The Missouri Attorney General’s Office is “aggressively” seeking information from Target concerning how information on credit and debit cards used at its stores was obtained in a data breach.

A sign at a Target Store (Scott Olson-Getty Images)

A sign at a Target Store (Scott Olson-Getty Images)

Consumer Protection Division Chief Counsel Joe Bindbeutel says his office could act it if is determined that Target was negligent in protecting Missouri consumers.

“We are going to be very, very careful in our examination and our investigation of this matter,” Bindbeutel says. “We have teamed up with a number of different states to pool our resources and pool our information about this matter.”
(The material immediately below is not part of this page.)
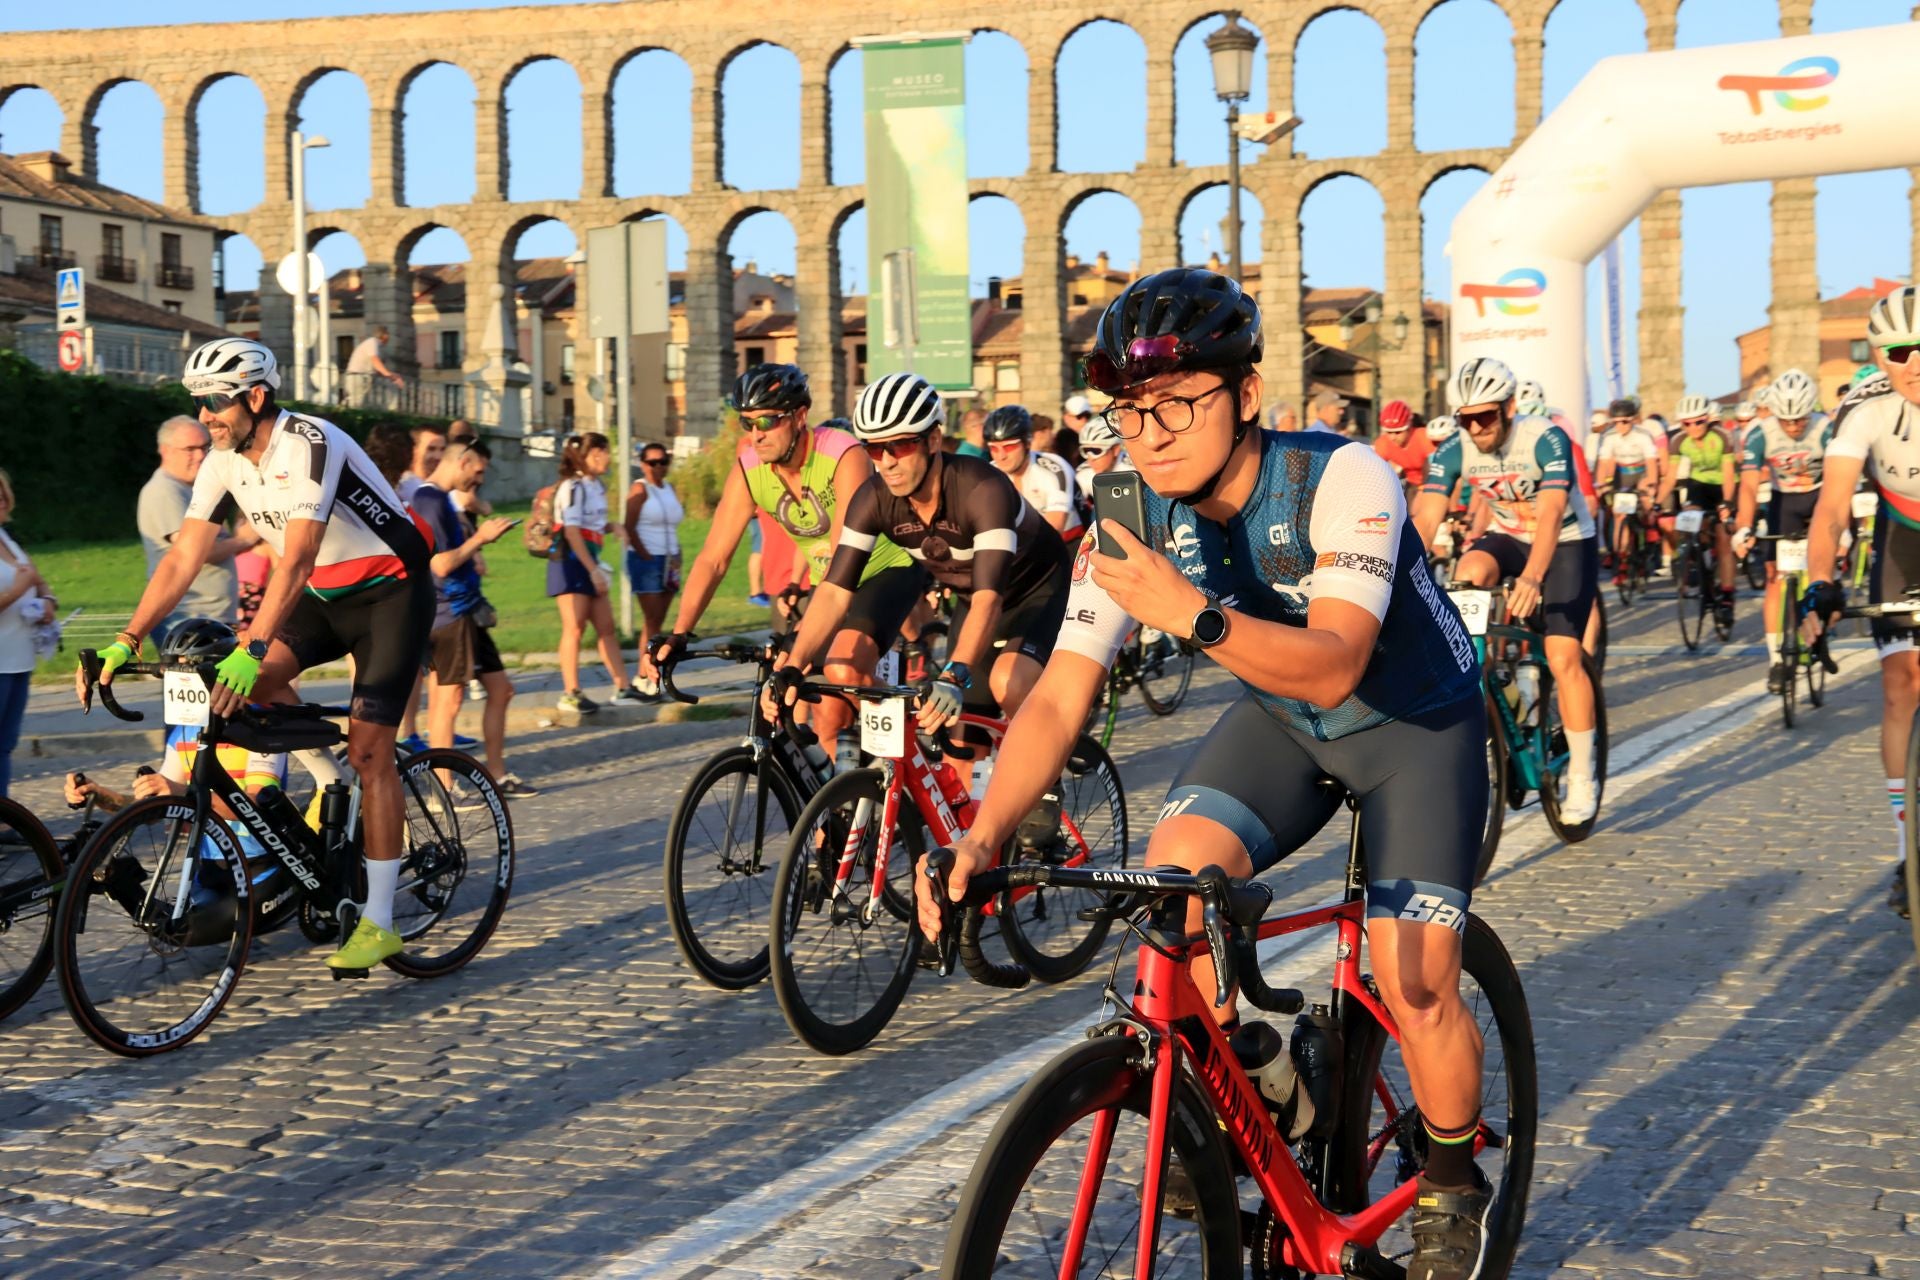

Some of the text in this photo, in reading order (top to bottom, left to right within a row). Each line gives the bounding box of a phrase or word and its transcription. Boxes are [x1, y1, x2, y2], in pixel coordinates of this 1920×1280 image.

Bindbeutel says before his office would decide to act it must know more about how Target responded to the breach and how the company encrypts its data. He compares this breach to one at Schnucks earlier in 2013 in which an estimated 2.4 million customers were impacted.

“In the Schnucks instance the Personal Identification Numbers were, we believe, unaffected. That information was not stolen from Schnucks. With Target the investigation is ongoing but it looks like if not stolen, these PINs could be easily de-encrypted and used.”

Target said late last week that its investigation revealed the breach had included PINs, but it felt they were safe because they were encrypted. Bindbeutel says his office is not convinced of that and encourages anyone who shopped at Target between November 27 and December 15, 2013 using a card with a PIN to change it.